Loz. No cureis, que cada cosa tiene su premio, ¿á vos vezo yo, que nacistes vezado? daca la mano y tente á mí, que el almadraque es corto, aprieta y cava, y ahoya, y todo á un tiempo. A las clines corredor, agora, por mi vida, que se va el recuero. ¡Ay amores, que soy vuestra, muerta y viva! quitaos la camisa, que sudais; ¡cuánto tiempo habia que no comia cocho! ventura fué encontrar en hombre tan buen participio, á todo pasto, este tal majadero no me falte, que yo apetito tengo dende que nací, sin ajo y queso que podria prestar á mis vicinas. Dormido se ha, en mi vida vi mano de mortero tan bien hecha, ¡qué gordo que es! y todo parejo, mal año para nabo de Xeres, parece bisoño de frojolon; la habla me quitó, no tenía por do resollar, no es de dexar este tal unicornio. ¿Qué habeis, amores?

Ramp. No, nada, sino demandaros de merced que toda esta noche seais mia.

Loz. No más, ansí goceis.

Ramp. Señora, ¿por qué no? ¿falté algo en la pasada? emendallo hemos, que la noche es luenga.
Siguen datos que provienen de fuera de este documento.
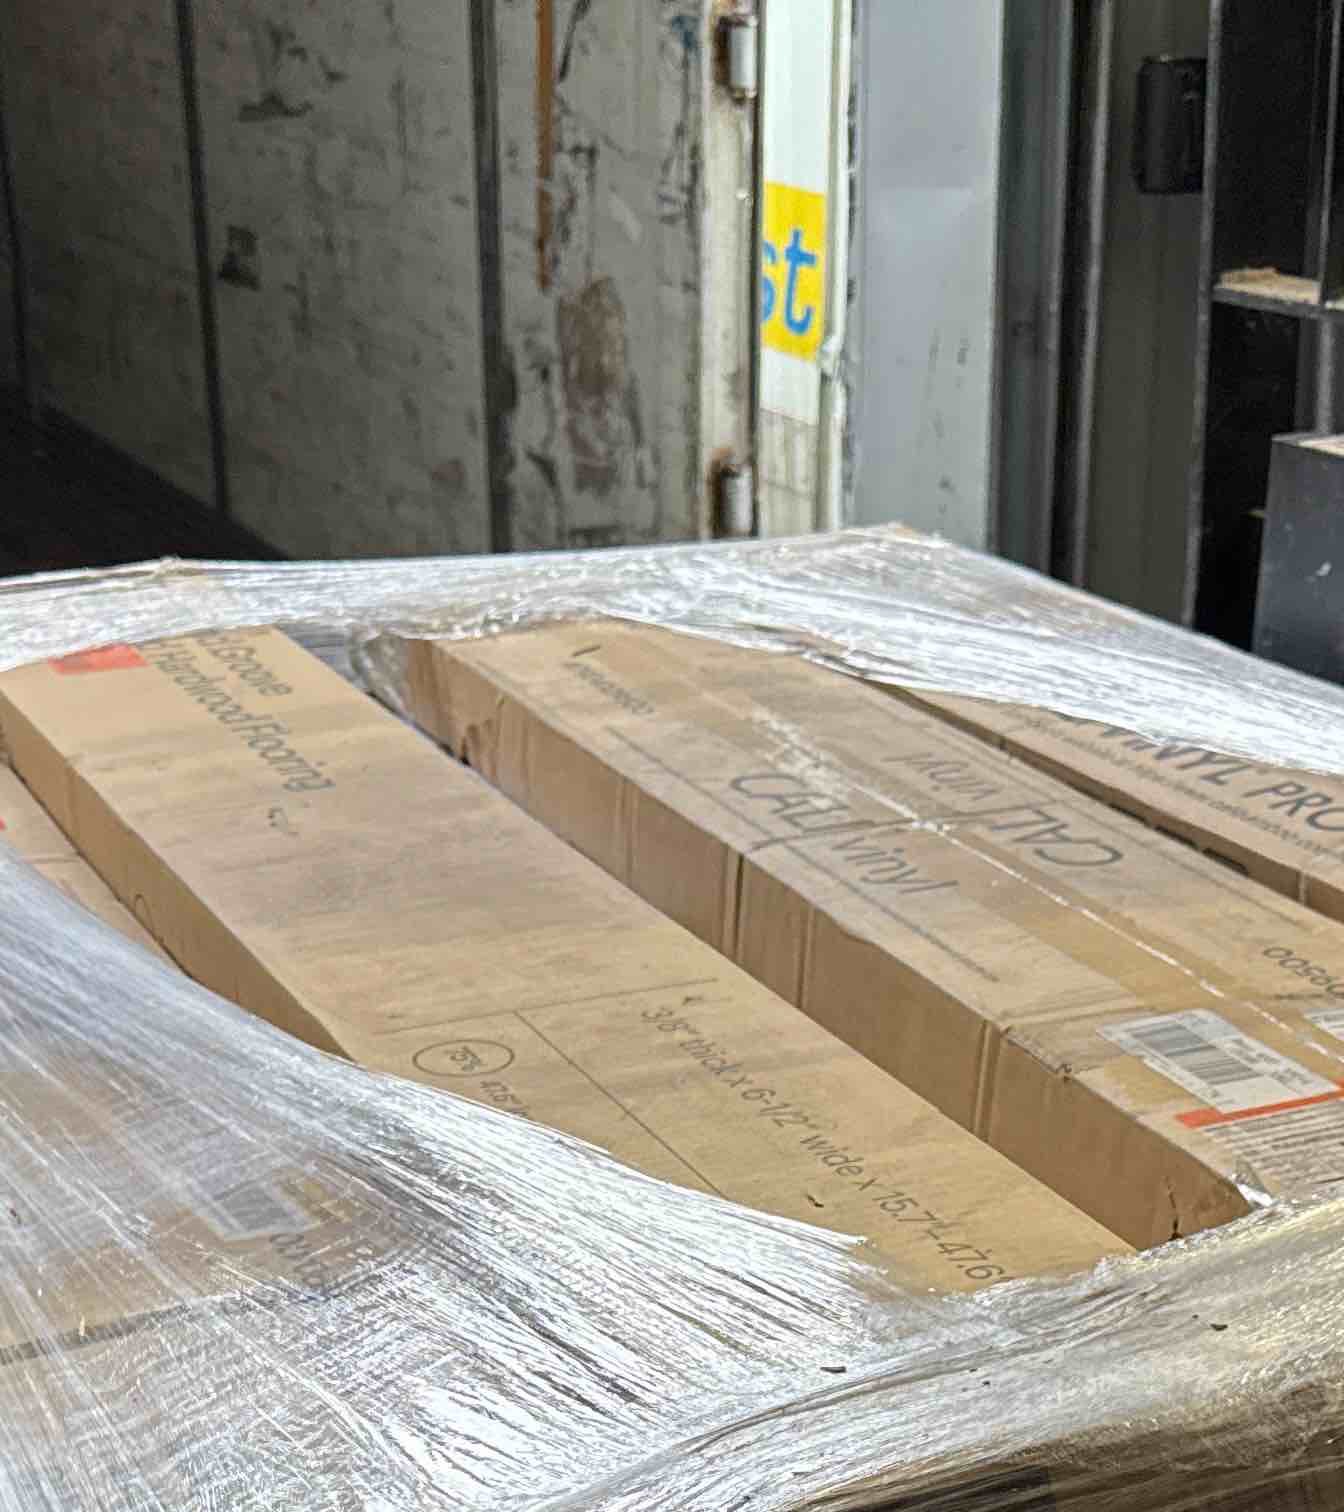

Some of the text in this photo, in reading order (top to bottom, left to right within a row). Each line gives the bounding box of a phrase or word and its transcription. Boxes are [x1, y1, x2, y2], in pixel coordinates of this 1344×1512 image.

[231, 716, 337, 793] Flooring
[678, 1035, 743, 1077] thick
[799, 1132, 864, 1178] wide
Loz. Disponé como de vuestro, con tanto que me lo tengais secreto. ¡Ay qué miel tan sabrosa! no lo pensé, aguza, aguza, dale si le das que me llaman en casa, aquí, aquí; buena como la primera, que no le falta un pelo, dormí por mi vida, que yo os cobijaré; quite Dios de mis dias y ponga en los tuyos, que cuanto enojo traia me has quitado; si fuera yo gran señora, no me quitára jamas este de mi lado, ¡oh pecadora de mí! ¿y desperteos? no quisiera.
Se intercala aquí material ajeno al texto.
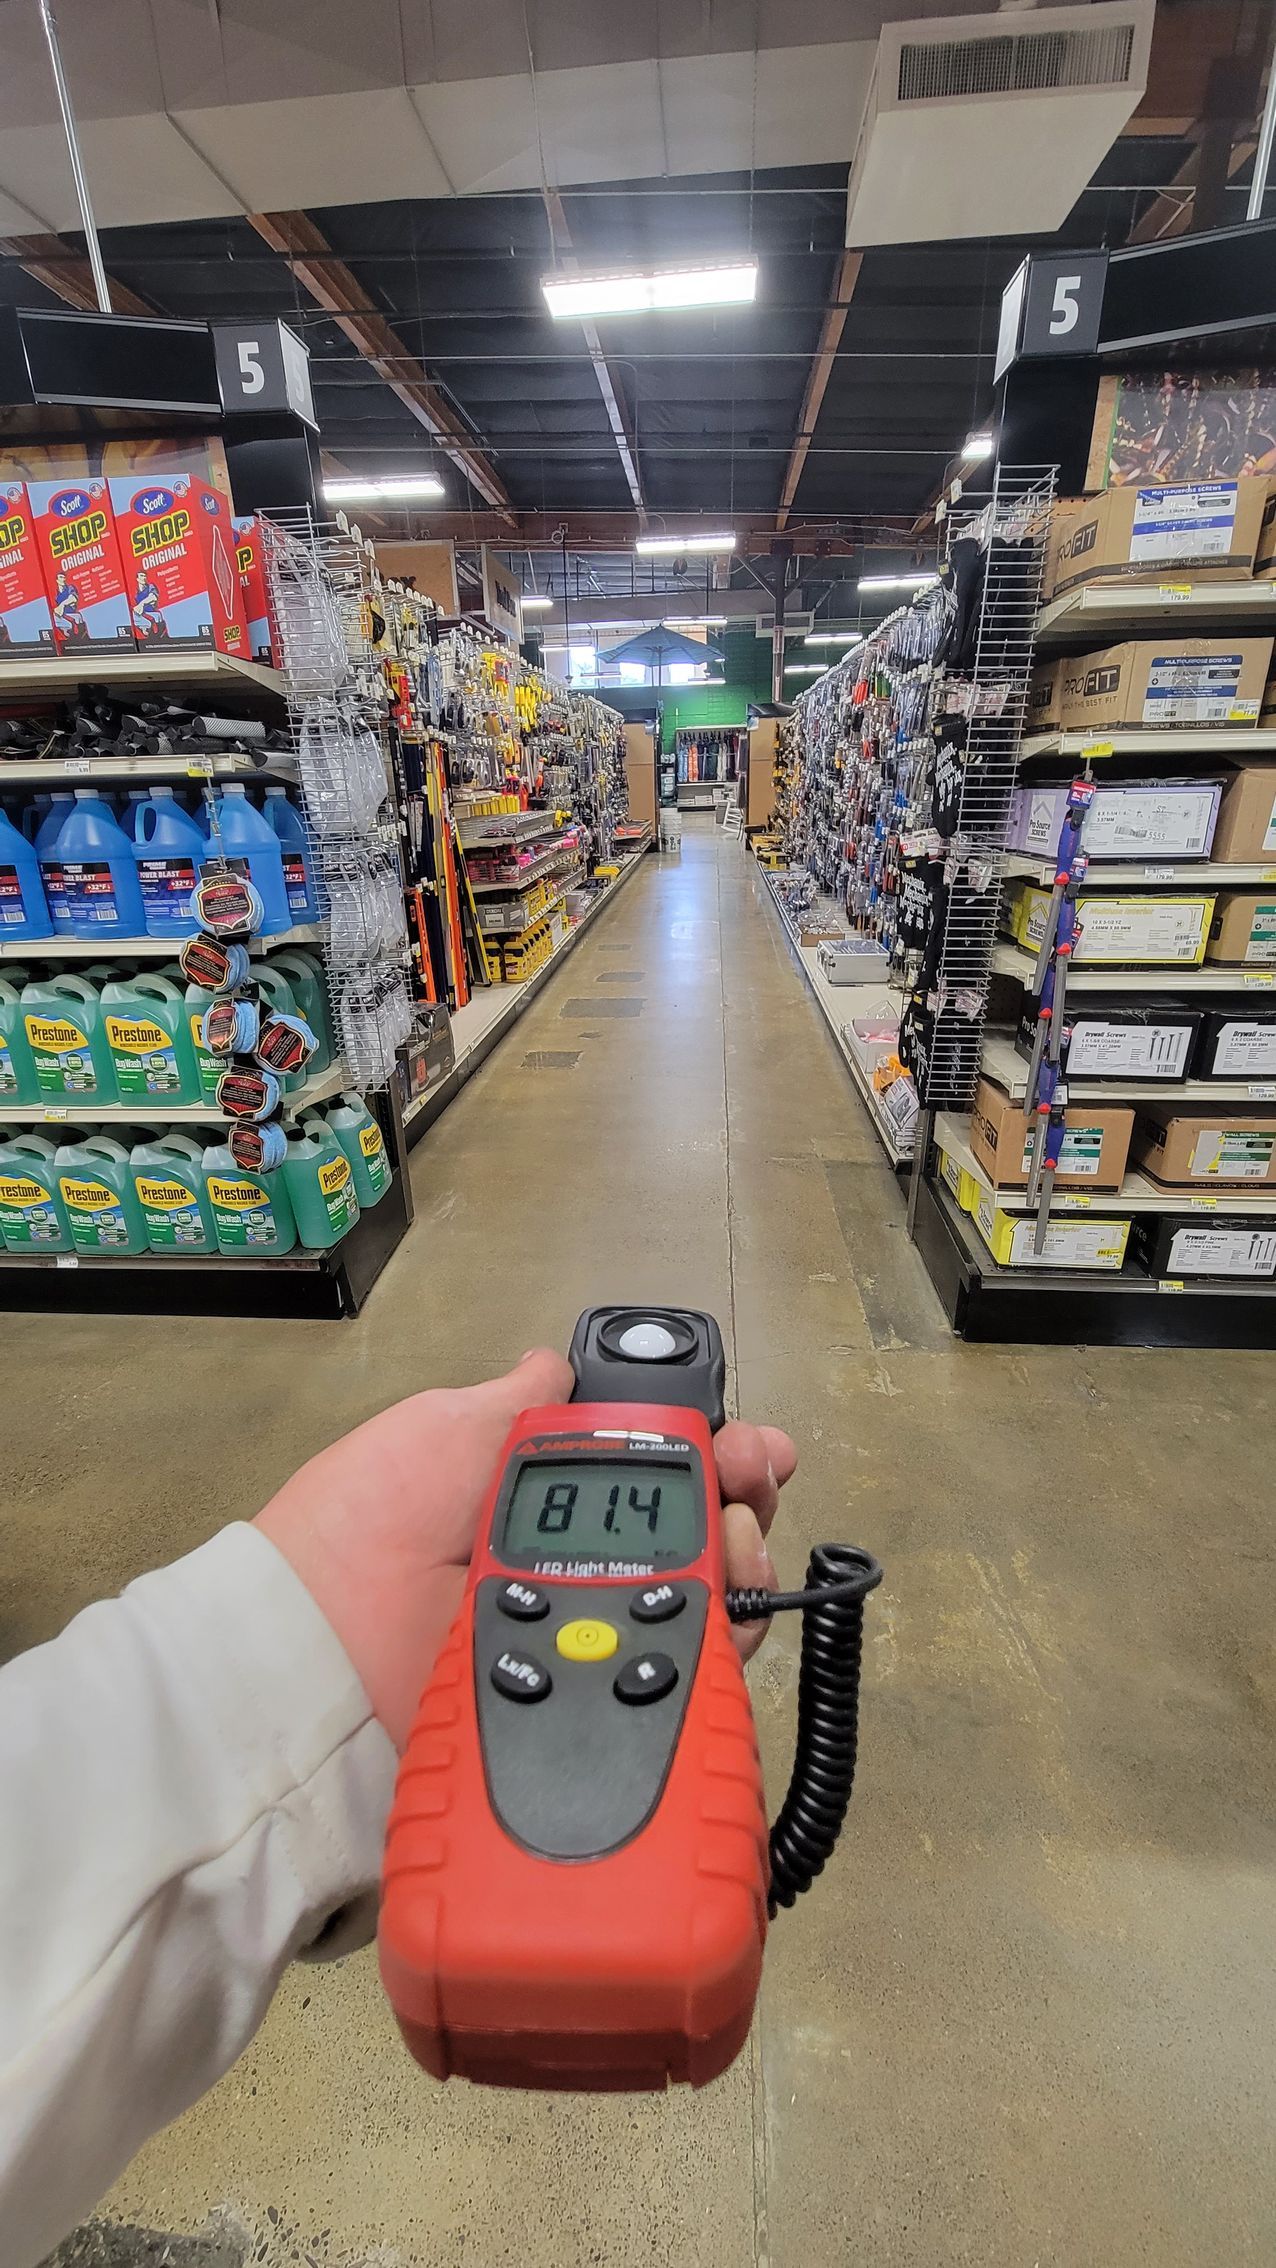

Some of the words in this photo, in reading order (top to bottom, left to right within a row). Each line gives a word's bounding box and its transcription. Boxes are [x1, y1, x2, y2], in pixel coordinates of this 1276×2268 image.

[1049, 275, 1082, 335] 5
[237, 341, 266, 395] 5
[1198, 484, 1222, 493] SCREWS
[60, 494, 82, 516] Scott
[143, 493, 165, 514] Scott
[204, 496, 215, 511] Scott
[0, 515, 25, 550] OP
[50, 510, 107, 558] SHOP
[131, 509, 190, 558] SHOP
[0, 548, 24, 571] GINAL
[61, 544, 105, 572] ORIGINAL
[142, 543, 188, 571] ORIGINAL
[224, 626, 241, 642] SHOP
[1105, 696, 1118, 704] FIT
[1036, 819, 1051, 831] Source
[30, 1024, 78, 1042] Prestone
[111, 1025, 162, 1043] Prestone
[1233, 1030, 1257, 1038] Drywall
[322, 1160, 348, 1189] Prestone
[0, 1184, 42, 1198] restone
[65, 1186, 111, 1202] Prestone
[141, 1185, 187, 1201] Prestone
[212, 1185, 261, 1201] Prestone
[541, 1439, 626, 1451] AMPROBE
[628, 1442, 690, 1452] LM-200LED
[536, 1482, 662, 1535] 81.4
[566, 1560, 604, 1578] Light
[608, 1561, 654, 1578] Meter
[506, 1582, 538, 1607] M-H
[642, 1584, 674, 1607] D-H
[637, 1660, 657, 1681] R
Ramp. Andá, que no se pierde nada.

Loz. ¡Ay! ¡ay! ¡así va, por mi vida, que tambien caminé yo! allí, allí me hormiguea, que, que, ¿pasaréis por mi puerta? Amor mio, todavía hay tiempo; reposa, alza la cabeza, tomá esta almohada; mirá que sueño tiene, que no puede ser mejor, quiérome yo dormir.

Auctor. Quisiera saber escribir un par de ronquidos á los cuales despertó él, y queriéndola besar, despertó ella, y dixo: ¡Ay señor! ¿es de dia?

Ramp. No sé; que agora desperté, que aquel cardo me ha hecho dormir.